**Task directions**: Reproduce the listing exactly, keeping every word as it is.

**Material for this exercise**:
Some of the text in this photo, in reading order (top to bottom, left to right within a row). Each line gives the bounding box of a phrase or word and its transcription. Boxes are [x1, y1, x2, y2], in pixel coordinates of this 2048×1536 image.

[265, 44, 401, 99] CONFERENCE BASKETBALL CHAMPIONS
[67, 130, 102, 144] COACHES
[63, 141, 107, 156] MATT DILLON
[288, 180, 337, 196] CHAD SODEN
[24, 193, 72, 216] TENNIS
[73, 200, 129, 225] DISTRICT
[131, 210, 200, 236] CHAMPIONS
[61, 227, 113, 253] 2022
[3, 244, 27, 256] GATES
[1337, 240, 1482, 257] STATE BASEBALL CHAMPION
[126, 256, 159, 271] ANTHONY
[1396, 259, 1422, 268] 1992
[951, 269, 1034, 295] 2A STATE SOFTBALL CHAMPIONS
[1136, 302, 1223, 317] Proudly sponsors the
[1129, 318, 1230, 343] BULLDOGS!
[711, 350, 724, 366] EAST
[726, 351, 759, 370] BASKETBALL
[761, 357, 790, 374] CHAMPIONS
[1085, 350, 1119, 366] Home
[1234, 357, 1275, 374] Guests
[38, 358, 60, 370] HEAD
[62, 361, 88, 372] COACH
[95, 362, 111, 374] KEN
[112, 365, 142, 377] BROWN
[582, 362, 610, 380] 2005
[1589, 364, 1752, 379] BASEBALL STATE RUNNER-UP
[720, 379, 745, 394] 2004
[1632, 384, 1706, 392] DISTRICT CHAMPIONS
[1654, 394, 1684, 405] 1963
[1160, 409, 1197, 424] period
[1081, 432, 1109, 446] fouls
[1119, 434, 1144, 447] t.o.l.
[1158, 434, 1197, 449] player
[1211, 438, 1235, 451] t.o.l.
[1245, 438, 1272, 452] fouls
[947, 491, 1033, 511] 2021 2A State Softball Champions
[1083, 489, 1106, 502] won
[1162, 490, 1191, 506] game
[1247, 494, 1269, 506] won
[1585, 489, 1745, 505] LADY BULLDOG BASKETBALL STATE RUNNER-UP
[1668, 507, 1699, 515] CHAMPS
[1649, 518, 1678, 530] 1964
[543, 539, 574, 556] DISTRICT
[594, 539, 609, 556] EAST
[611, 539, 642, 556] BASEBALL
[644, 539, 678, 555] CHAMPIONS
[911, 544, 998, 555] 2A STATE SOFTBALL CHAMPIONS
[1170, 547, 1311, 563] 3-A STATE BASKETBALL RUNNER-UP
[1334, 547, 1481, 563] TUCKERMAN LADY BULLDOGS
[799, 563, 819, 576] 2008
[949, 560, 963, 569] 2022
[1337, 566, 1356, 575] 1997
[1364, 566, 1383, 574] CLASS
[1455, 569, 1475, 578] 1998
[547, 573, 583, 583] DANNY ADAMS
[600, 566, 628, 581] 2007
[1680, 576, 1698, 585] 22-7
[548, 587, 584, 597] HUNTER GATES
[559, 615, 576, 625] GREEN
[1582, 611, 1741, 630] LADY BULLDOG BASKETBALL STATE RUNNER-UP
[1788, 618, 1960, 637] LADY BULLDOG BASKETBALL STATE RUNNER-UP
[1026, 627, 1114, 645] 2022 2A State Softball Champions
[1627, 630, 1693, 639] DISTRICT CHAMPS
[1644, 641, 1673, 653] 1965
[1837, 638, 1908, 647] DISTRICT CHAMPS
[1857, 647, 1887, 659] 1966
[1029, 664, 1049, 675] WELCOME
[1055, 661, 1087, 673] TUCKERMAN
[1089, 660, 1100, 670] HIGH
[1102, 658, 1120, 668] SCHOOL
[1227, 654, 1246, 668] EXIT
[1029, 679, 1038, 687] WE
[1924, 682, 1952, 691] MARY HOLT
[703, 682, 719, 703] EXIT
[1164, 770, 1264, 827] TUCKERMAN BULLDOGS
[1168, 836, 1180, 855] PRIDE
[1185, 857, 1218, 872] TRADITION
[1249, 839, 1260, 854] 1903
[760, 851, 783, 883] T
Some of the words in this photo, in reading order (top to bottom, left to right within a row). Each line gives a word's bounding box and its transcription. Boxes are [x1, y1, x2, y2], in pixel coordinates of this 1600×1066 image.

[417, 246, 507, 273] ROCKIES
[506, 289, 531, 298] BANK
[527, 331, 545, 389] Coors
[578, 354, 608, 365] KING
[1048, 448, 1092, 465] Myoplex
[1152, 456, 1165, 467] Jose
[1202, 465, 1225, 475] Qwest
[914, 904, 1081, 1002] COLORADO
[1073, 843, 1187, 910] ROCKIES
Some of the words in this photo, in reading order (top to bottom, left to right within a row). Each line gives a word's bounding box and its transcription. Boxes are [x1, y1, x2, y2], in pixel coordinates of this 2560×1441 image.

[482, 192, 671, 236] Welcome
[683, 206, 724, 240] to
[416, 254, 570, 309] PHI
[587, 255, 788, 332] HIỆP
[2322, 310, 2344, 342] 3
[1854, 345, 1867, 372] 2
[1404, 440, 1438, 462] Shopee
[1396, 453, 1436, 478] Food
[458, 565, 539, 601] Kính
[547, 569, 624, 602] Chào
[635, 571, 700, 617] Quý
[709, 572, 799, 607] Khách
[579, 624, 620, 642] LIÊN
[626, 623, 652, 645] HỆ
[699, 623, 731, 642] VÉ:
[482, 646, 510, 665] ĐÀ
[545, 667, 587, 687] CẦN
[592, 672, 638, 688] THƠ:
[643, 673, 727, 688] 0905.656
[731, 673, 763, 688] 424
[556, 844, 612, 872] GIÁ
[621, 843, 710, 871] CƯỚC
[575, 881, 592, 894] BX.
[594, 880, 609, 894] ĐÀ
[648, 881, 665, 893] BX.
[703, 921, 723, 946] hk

**Answer for the task**:
Some of the text in this photo, in reading order (top to bottom, left to right within a row). Each line gives the bounding box of a phrase or word and its transcription. Boxes are [x1, y1, x2, y2], in pixel coordinates of this 2048×1536 image.

[265, 44, 401, 99] CONFERENCE BASKETBALL CHAMPIONS
[67, 130, 102, 144] COACHES
[63, 141, 107, 156] MATT DILLON
[288, 180, 337, 196] CHAD SODEN
[24, 193, 72, 216] TENNIS
[73, 200, 129, 225] DISTRICT
[131, 210, 200, 236] CHAMPIONS
[61, 227, 113, 253] 2022
[3, 244, 27, 256] GATES
[1337, 240, 1482, 257] STATE BASEBALL CHAMPION
[126, 256, 159, 271] ANTHONY
[1396, 259, 1422, 268] 1992
[951, 269, 1034, 295] 2A STATE SOFTBALL CHAMPIONS
[1136, 302, 1223, 317] Proudly sponsors the
[1129, 318, 1230, 343] BULLDOGS!
[711, 350, 724, 366] EAST
[726, 351, 759, 370] BASKETBALL
[761, 357, 790, 374] CHAMPIONS
[1085, 350, 1119, 366] Home
[1234, 357, 1275, 374] Guests
[38, 358, 60, 370] HEAD
[62, 361, 88, 372] COACH
[95, 362, 111, 374] KEN
[112, 365, 142, 377] BROWN
[582, 362, 610, 380] 2005
[1589, 364, 1752, 379] BASEBALL STATE RUNNER-UP
[720, 379, 745, 394] 2004
[1632, 384, 1706, 392] DISTRICT CHAMPIONS
[1654, 394, 1684, 405] 1963
[1160, 409, 1197, 424] period
[1081, 432, 1109, 446] fouls
[1119, 434, 1144, 447] t.o.l.
[1158, 434, 1197, 449] player
[1211, 438, 1235, 451] t.o.l.
[1245, 438, 1272, 452] fouls
[947, 491, 1033, 511] 2021 2A State Softball Champions
[1083, 489, 1106, 502] won
[1162, 490, 1191, 506] game
[1247, 494, 1269, 506] won
[1585, 489, 1745, 505] LADY BULLDOG BASKETBALL STATE RUNNER-UP
[1668, 507, 1699, 515] CHAMPS
[1649, 518, 1678, 530] 1964
[543, 539, 574, 556] DISTRICT
[594, 539, 609, 556] EAST
[611, 539, 642, 556] BASEBALL
[644, 539, 678, 555] CHAMPIONS
[911, 544, 998, 555] 2A STATE SOFTBALL CHAMPIONS
[1170, 547, 1311, 563] 3-A STATE BASKETBALL RUNNER-UP
[1334, 547, 1481, 563] TUCKERMAN LADY BULLDOGS
[799, 563, 819, 576] 2008
[949, 560, 963, 569] 2022
[1337, 566, 1356, 575] 1997
[1364, 566, 1383, 574] CLASS
[1455, 569, 1475, 578] 1998
[547, 573, 583, 583] DANNY ADAMS
[600, 566, 628, 581] 2007
[1680, 576, 1698, 585] 22-7
[548, 587, 584, 597] HUNTER GATES
[559, 615, 576, 625] GREEN
[1582, 611, 1741, 630] LADY BULLDOG BASKETBALL STATE RUNNER-UP
[1788, 618, 1960, 637] LADY BULLDOG BASKETBALL STATE RUNNER-UP
[1026, 627, 1114, 645] 2022 2A State Softball Champions
[1627, 630, 1693, 639] DISTRICT CHAMPS
[1644, 641, 1673, 653] 1965
[1837, 638, 1908, 647] DISTRICT CHAMPS
[1857, 647, 1887, 659] 1966
[1029, 664, 1049, 675] WELCOME
[1055, 661, 1087, 673] TUCKERMAN
[1089, 660, 1100, 670] HIGH
[1102, 658, 1120, 668] SCHOOL
[1227, 654, 1246, 668] EXIT
[1029, 679, 1038, 687] WE
[1924, 682, 1952, 691] MARY HOLT
[703, 682, 719, 703] EXIT
[1164, 770, 1264, 827] TUCKERMAN BULLDOGS
[1168, 836, 1180, 855] PRIDE
[1185, 857, 1218, 872] TRADITION
[1249, 839, 1260, 854] 1903
[760, 851, 783, 883] T
Some of the words in this photo, in reading order (top to bottom, left to right within a row). Each line gives a word's bounding box and its transcription. Boxes are [x1, y1, x2, y2], in pixel coordinates of this 1600×1066 image.

[417, 246, 507, 273] ROCKIES
[506, 289, 531, 298] BANK
[527, 331, 545, 389] Coors
[578, 354, 608, 365] KING
[1048, 448, 1092, 465] Myoplex
[1152, 456, 1165, 467] Jose
[1202, 465, 1225, 475] Qwest
[914, 904, 1081, 1002] COLORADO
[1073, 843, 1187, 910] ROCKIES
Some of the words in this photo, in reading order (top to bottom, left to right within a row). Each line gives a word's bounding box and its transcription. Boxes are [x1, y1, x2, y2], in pixel coordinates of this 2560×1441 image.

[482, 192, 671, 236] Welcome
[683, 206, 724, 240] to
[416, 254, 570, 309] PHI
[587, 255, 788, 332] HIỆP
[2322, 310, 2344, 342] 3
[1854, 345, 1867, 372] 2
[1404, 440, 1438, 462] Shopee
[1396, 453, 1436, 478] Food
[458, 565, 539, 601] Kính
[547, 569, 624, 602] Chào
[635, 571, 700, 617] Quý
[709, 572, 799, 607] Khách
[579, 624, 620, 642] LIÊN
[626, 623, 652, 645] HỆ
[699, 623, 731, 642] VÉ:
[482, 646, 510, 665] ĐÀ
[545, 667, 587, 687] CẦN
[592, 672, 638, 688] THƠ:
[643, 673, 727, 688] 0905.656
[731, 673, 763, 688] 424
[556, 844, 612, 872] GIÁ
[621, 843, 710, 871] CƯỚC
[575, 881, 592, 894] BX.
[594, 880, 609, 894] ĐÀ
[648, 881, 665, 893] BX.
[703, 921, 723, 946] hk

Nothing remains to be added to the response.